Data extracts:
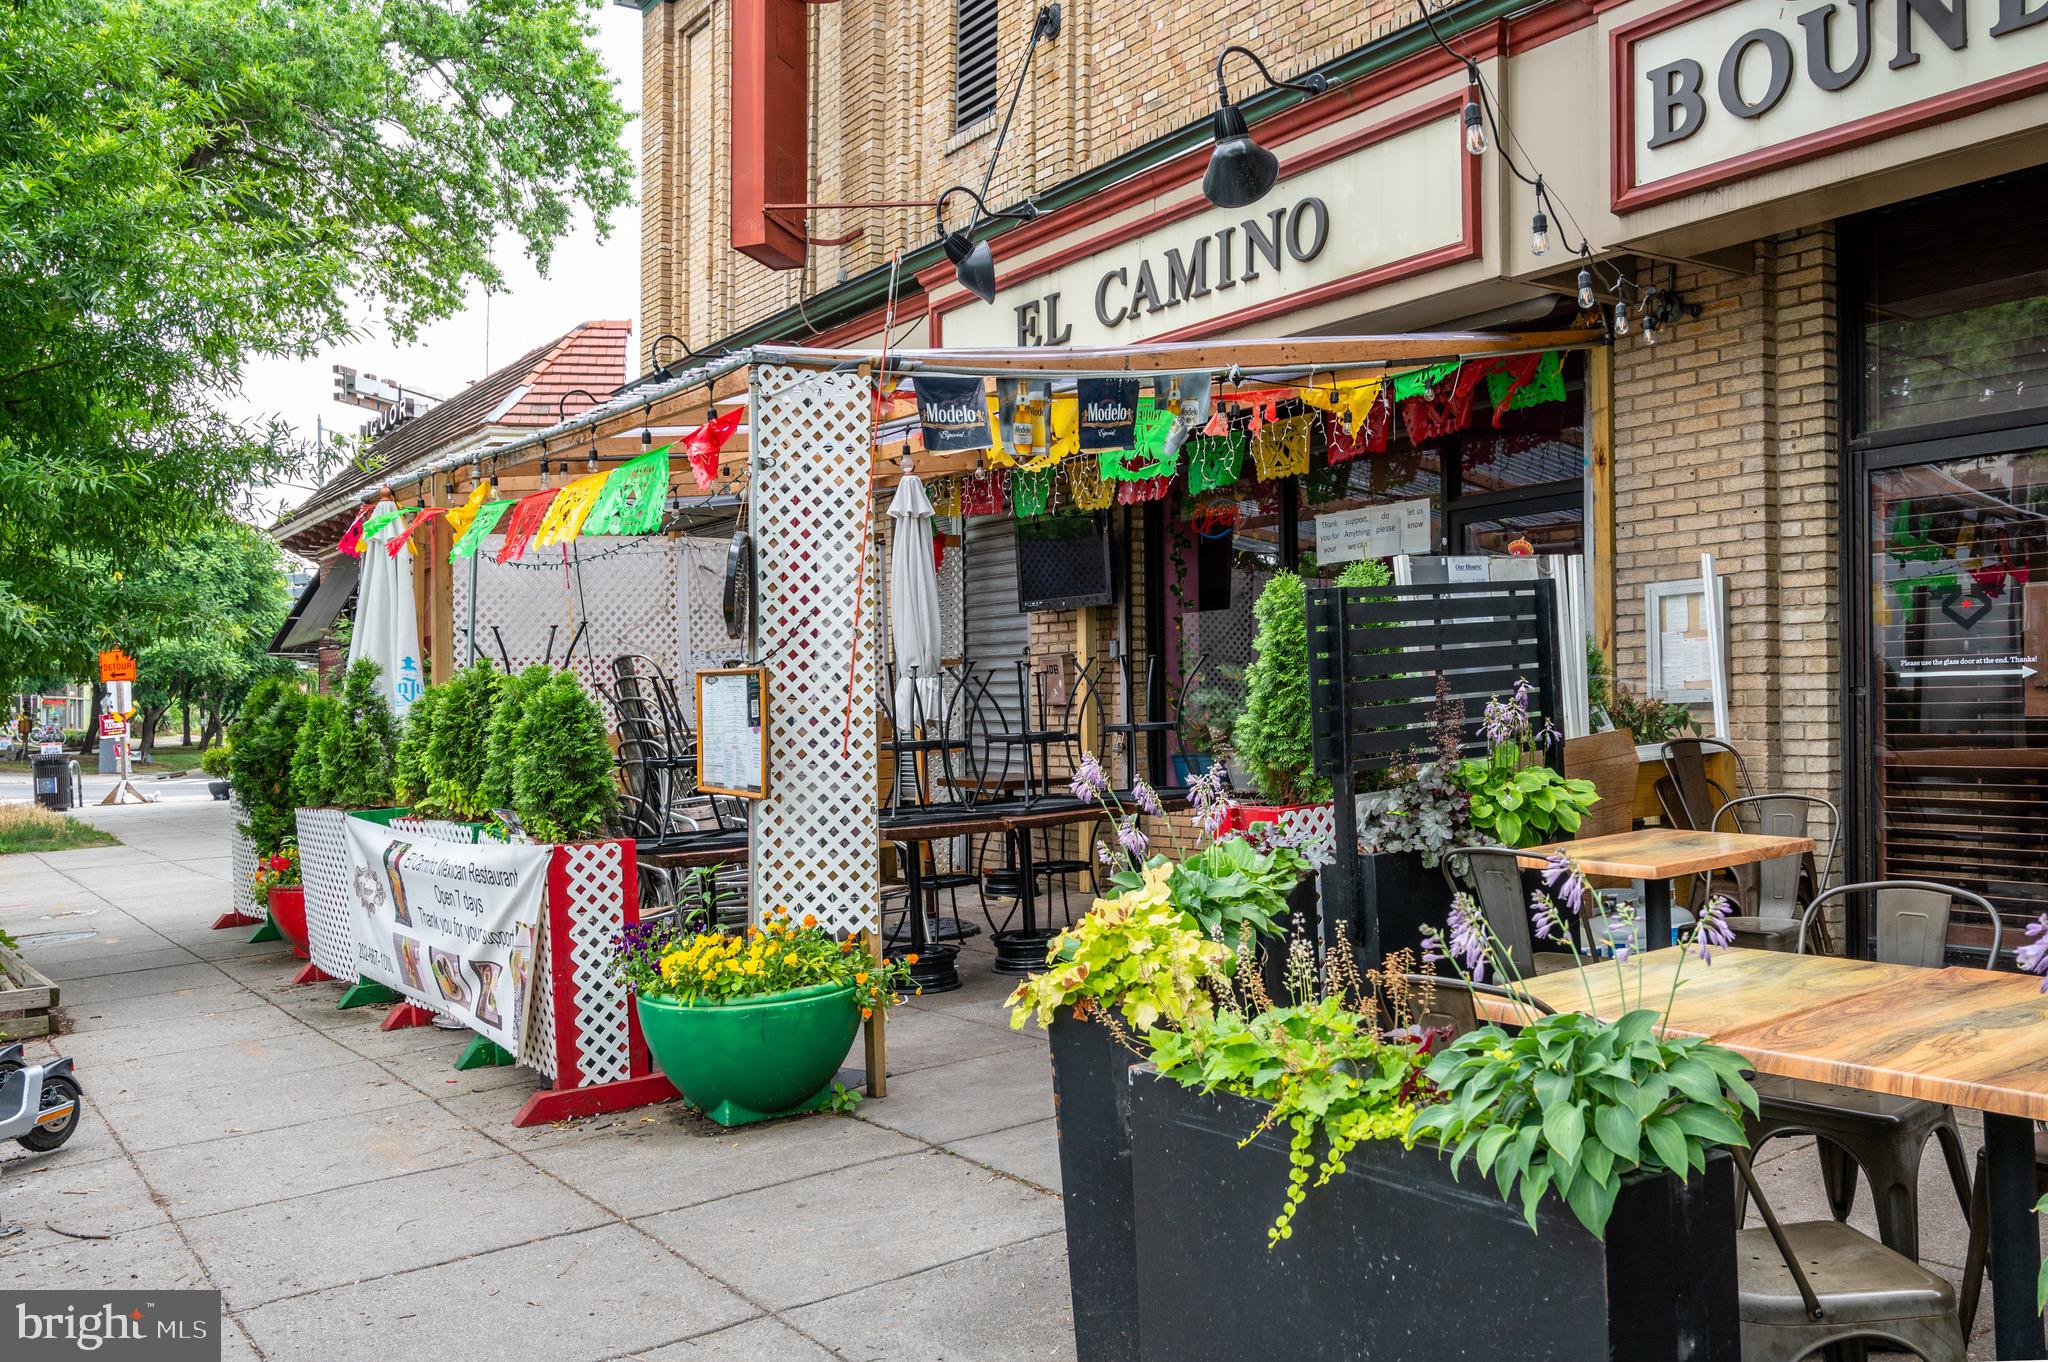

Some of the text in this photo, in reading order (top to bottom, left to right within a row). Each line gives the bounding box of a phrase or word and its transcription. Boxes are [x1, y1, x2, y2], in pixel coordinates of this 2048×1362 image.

[1013, 196, 1329, 347] EL CAMINO
[926, 403, 976, 422] Modelo
[1087, 402, 1127, 422] Modelo
[1381, 512, 1390, 520] do
[1407, 508, 1415, 516] let
[1321, 520, 1338, 529] Thank
[1376, 525, 1396, 534] please
[1343, 529, 1370, 539] Anything
[1323, 546, 1337, 555] your
[1943, 658, 1959, 667] glass
[1995, 656, 2009, 664] end.
[2010, 655, 2037, 663] Thanks!
[103, 662, 132, 672] DETOUR
[437, 858, 467, 881] Mexican
[469, 862, 518, 888] Restaurant
[434, 884, 483, 917] Open 7 days
[417, 906, 515, 950] Thank you for your support

Task item: Could you repeat all of the entries exactly, without any of the images?

Solution:
Some of the text in this photo, in reading order (top to bottom, left to right within a row). Each line gives the bounding box of a phrase or word and its transcription. Boxes are [x1, y1, x2, y2], in pixel coordinates of this 2048×1362 image.

[1013, 196, 1329, 347] EL CAMINO
[926, 403, 976, 422] Modelo
[1087, 402, 1127, 422] Modelo
[1381, 512, 1390, 520] do
[1407, 508, 1415, 516] let
[1321, 520, 1338, 529] Thank
[1376, 525, 1396, 534] please
[1343, 529, 1370, 539] Anything
[1323, 546, 1337, 555] your
[1943, 658, 1959, 667] glass
[1995, 656, 2009, 664] end.
[2010, 655, 2037, 663] Thanks!
[103, 662, 132, 672] DETOUR
[437, 858, 467, 881] Mexican
[469, 862, 518, 888] Restaurant
[434, 884, 483, 917] Open 7 days
[417, 906, 515, 950] Thank you for your support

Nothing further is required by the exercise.